▶ **What you have to do**: Starting at the top line, return each entry word for word.

(Saved data entries)
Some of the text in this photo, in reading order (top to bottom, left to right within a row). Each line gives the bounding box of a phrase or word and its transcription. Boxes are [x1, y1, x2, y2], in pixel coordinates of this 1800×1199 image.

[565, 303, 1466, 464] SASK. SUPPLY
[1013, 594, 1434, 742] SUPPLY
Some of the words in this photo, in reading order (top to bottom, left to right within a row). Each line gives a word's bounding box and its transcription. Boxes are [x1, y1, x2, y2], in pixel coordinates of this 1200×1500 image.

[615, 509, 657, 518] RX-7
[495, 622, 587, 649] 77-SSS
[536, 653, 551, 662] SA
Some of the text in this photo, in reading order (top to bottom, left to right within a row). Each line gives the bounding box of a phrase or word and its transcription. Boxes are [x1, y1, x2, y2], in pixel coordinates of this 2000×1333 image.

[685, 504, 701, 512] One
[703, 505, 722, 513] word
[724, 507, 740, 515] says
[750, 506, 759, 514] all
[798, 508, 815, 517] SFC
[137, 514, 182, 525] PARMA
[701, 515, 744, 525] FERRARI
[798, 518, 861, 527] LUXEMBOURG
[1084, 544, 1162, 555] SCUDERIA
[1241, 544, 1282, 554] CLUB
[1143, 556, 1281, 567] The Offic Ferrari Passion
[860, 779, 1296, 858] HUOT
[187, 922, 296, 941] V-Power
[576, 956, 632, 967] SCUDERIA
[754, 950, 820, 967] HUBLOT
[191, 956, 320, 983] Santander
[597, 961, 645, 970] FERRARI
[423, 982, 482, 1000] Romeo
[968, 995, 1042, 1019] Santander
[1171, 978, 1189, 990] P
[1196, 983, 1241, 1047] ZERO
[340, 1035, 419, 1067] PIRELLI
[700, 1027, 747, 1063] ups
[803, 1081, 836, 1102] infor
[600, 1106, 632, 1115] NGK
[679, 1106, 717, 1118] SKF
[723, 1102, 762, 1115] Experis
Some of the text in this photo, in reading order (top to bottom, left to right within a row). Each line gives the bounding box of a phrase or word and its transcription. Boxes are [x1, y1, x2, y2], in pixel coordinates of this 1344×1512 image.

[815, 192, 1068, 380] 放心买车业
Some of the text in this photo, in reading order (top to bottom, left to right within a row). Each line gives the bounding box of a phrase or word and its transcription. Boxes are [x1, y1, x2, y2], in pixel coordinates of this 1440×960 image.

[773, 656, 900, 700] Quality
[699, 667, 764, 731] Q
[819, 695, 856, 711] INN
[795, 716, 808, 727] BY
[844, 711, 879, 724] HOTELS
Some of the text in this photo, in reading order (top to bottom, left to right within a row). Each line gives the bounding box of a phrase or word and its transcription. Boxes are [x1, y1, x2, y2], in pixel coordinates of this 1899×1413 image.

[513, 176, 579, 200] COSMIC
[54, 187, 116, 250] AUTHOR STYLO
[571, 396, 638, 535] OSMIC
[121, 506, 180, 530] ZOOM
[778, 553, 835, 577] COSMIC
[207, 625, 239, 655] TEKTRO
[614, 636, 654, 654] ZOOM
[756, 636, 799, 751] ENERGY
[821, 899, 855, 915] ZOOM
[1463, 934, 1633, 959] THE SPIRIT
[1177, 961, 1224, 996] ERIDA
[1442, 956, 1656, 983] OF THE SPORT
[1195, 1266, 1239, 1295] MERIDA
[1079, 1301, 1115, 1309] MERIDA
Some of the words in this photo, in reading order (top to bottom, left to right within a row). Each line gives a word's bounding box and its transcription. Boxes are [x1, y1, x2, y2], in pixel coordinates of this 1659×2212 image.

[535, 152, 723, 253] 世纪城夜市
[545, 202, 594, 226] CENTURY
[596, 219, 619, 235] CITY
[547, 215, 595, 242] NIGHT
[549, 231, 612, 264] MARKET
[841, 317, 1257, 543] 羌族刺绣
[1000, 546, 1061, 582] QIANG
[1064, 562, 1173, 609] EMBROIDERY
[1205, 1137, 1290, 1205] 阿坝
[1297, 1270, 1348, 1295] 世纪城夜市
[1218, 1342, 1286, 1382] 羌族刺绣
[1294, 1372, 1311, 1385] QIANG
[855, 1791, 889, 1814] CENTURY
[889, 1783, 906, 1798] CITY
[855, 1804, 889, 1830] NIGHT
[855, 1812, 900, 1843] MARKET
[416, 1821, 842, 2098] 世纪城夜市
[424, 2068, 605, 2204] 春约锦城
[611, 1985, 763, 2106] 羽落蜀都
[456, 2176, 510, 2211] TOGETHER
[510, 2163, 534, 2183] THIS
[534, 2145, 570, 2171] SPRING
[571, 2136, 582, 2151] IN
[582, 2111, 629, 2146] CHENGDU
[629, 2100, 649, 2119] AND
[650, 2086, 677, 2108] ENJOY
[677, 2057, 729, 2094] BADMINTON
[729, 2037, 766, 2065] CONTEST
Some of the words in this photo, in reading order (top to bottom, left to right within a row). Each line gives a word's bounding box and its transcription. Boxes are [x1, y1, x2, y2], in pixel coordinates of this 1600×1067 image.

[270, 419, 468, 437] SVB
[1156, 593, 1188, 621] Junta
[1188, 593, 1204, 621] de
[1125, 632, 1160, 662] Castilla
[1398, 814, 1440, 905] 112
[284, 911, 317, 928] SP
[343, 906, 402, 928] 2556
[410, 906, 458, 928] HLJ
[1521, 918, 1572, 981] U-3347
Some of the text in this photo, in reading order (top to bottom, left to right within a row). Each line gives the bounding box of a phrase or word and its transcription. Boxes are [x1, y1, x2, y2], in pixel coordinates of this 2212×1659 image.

▶ **Task answer**:
Some of the text in this photo, in reading order (top to bottom, left to right within a row). Each line gives the bounding box of a phrase or word and its transcription. Boxes are [x1, y1, x2, y2], in pixel coordinates of this 1800×1199 image.

[565, 303, 1466, 464] SASK. SUPPLY
[1013, 594, 1434, 742] SUPPLY
Some of the words in this photo, in reading order (top to bottom, left to right within a row). Each line gives a word's bounding box and its transcription. Boxes are [x1, y1, x2, y2], in pixel coordinates of this 1200×1500 image.

[615, 509, 657, 518] RX-7
[495, 622, 587, 649] 77-SSS
[536, 653, 551, 662] SA
Some of the text in this photo, in reading order (top to bottom, left to right within a row). Each line gives the bounding box of a phrase or word and its transcription. Boxes are [x1, y1, x2, y2], in pixel coordinates of this 2000×1333 image.

[685, 504, 701, 512] One
[703, 505, 722, 513] word
[724, 507, 740, 515] says
[750, 506, 759, 514] all
[798, 508, 815, 517] SFC
[137, 514, 182, 525] PARMA
[701, 515, 744, 525] FERRARI
[798, 518, 861, 527] LUXEMBOURG
[1084, 544, 1162, 555] SCUDERIA
[1241, 544, 1282, 554] CLUB
[1143, 556, 1281, 567] The Offic Ferrari Passion
[860, 779, 1296, 858] HUOT
[187, 922, 296, 941] V-Power
[576, 956, 632, 967] SCUDERIA
[754, 950, 820, 967] HUBLOT
[191, 956, 320, 983] Santander
[597, 961, 645, 970] FERRARI
[423, 982, 482, 1000] Romeo
[968, 995, 1042, 1019] Santander
[1171, 978, 1189, 990] P
[1196, 983, 1241, 1047] ZERO
[340, 1035, 419, 1067] PIRELLI
[700, 1027, 747, 1063] ups
[803, 1081, 836, 1102] infor
[600, 1106, 632, 1115] NGK
[679, 1106, 717, 1118] SKF
[723, 1102, 762, 1115] Experis
Some of the text in this photo, in reading order (top to bottom, left to right within a row). Each line gives the bounding box of a phrase or word and its transcription. Boxes are [x1, y1, x2, y2], in pixel coordinates of this 1344×1512 image.

[815, 192, 1068, 380] 放心买车业
Some of the text in this photo, in reading order (top to bottom, left to right within a row). Each line gives the bounding box of a phrase or word and its transcription. Boxes are [x1, y1, x2, y2], in pixel coordinates of this 1440×960 image.

[773, 656, 900, 700] Quality
[699, 667, 764, 731] Q
[819, 695, 856, 711] INN
[795, 716, 808, 727] BY
[844, 711, 879, 724] HOTELS
Some of the text in this photo, in reading order (top to bottom, left to right within a row). Each line gives the bounding box of a phrase or word and its transcription. Boxes are [x1, y1, x2, y2], in pixel coordinates of this 1899×1413 image.

[513, 176, 579, 200] COSMIC
[54, 187, 116, 250] AUTHOR STYLO
[571, 396, 638, 535] OSMIC
[121, 506, 180, 530] ZOOM
[778, 553, 835, 577] COSMIC
[207, 625, 239, 655] TEKTRO
[614, 636, 654, 654] ZOOM
[756, 636, 799, 751] ENERGY
[821, 899, 855, 915] ZOOM
[1463, 934, 1633, 959] THE SPIRIT
[1177, 961, 1224, 996] ERIDA
[1442, 956, 1656, 983] OF THE SPORT
[1195, 1266, 1239, 1295] MERIDA
[1079, 1301, 1115, 1309] MERIDA
Some of the words in this photo, in reading order (top to bottom, left to right within a row). Each line gives a word's bounding box and its transcription. Boxes are [x1, y1, x2, y2], in pixel coordinates of this 1659×2212 image.

[535, 152, 723, 253] 世纪城夜市
[545, 202, 594, 226] CENTURY
[596, 219, 619, 235] CITY
[547, 215, 595, 242] NIGHT
[549, 231, 612, 264] MARKET
[841, 317, 1257, 543] 羌族刺绣
[1000, 546, 1061, 582] QIANG
[1064, 562, 1173, 609] EMBROIDERY
[1205, 1137, 1290, 1205] 阿坝
[1297, 1270, 1348, 1295] 世纪城夜市
[1218, 1342, 1286, 1382] 羌族刺绣
[1294, 1372, 1311, 1385] QIANG
[855, 1791, 889, 1814] CENTURY
[889, 1783, 906, 1798] CITY
[855, 1804, 889, 1830] NIGHT
[855, 1812, 900, 1843] MARKET
[416, 1821, 842, 2098] 世纪城夜市
[424, 2068, 605, 2204] 春约锦城
[611, 1985, 763, 2106] 羽落蜀都
[456, 2176, 510, 2211] TOGETHER
[510, 2163, 534, 2183] THIS
[534, 2145, 570, 2171] SPRING
[571, 2136, 582, 2151] IN
[582, 2111, 629, 2146] CHENGDU
[629, 2100, 649, 2119] AND
[650, 2086, 677, 2108] ENJOY
[677, 2057, 729, 2094] BADMINTON
[729, 2037, 766, 2065] CONTEST
Some of the words in this photo, in reading order (top to bottom, left to right within a row). Each line gives a word's bounding box and its transcription. Boxes are [x1, y1, x2, y2], in pixel coordinates of this 1600×1067 image.

[270, 419, 468, 437] SVB
[1156, 593, 1188, 621] Junta
[1188, 593, 1204, 621] de
[1125, 632, 1160, 662] Castilla
[1398, 814, 1440, 905] 112
[284, 911, 317, 928] SP
[343, 906, 402, 928] 2556
[410, 906, 458, 928] HLJ
[1521, 918, 1572, 981] U-3347
Some of the text in this photo, in reading order (top to bottom, left to right within a row). Each line gives the bounding box of a phrase or word and its transcription. Boxes are [x1, y1, x2, y2], in pixel coordinates of this 2212×1659 image.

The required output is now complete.